_DATA FOR REVIEW_:
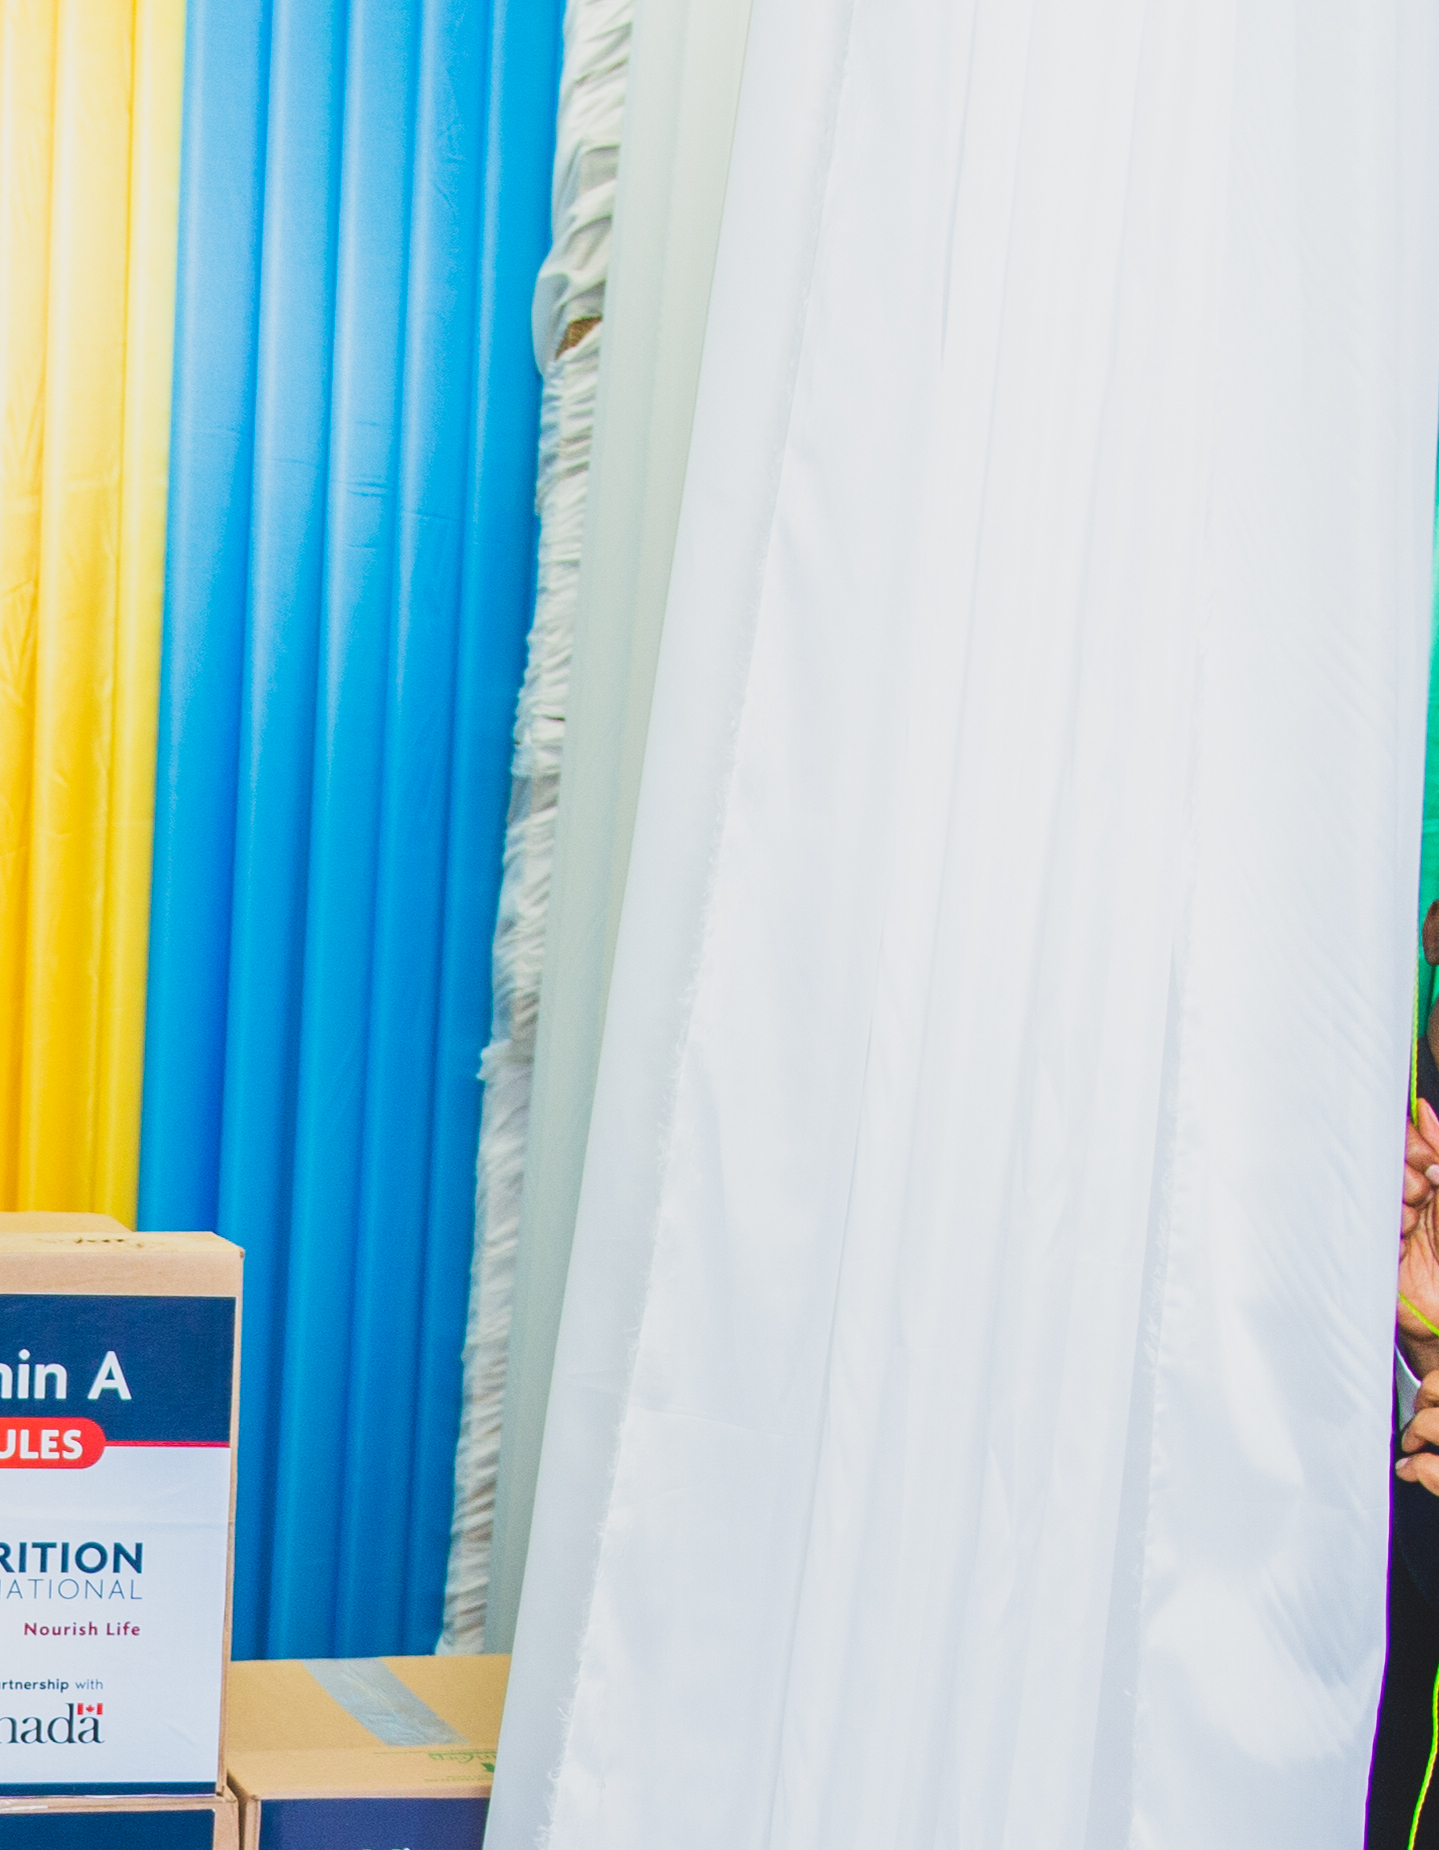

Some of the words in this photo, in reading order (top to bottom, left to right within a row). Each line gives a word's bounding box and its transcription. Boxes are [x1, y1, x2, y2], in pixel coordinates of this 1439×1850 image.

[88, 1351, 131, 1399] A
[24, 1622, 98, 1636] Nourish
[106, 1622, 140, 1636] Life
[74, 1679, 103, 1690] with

_EXERCISE DESCRIPTION_:
Give the lines of the entries above exactly as they appear, leaving out each picture.

_RESULT OF THE TASK_:
Some of the words in this photo, in reading order (top to bottom, left to right within a row). Each line gives a word's bounding box and its transcription. Boxes are [x1, y1, x2, y2], in pixel coordinates of this 1439×1850 image.

[88, 1351, 131, 1399] A
[24, 1622, 98, 1636] Nourish
[106, 1622, 140, 1636] Life
[74, 1679, 103, 1690] with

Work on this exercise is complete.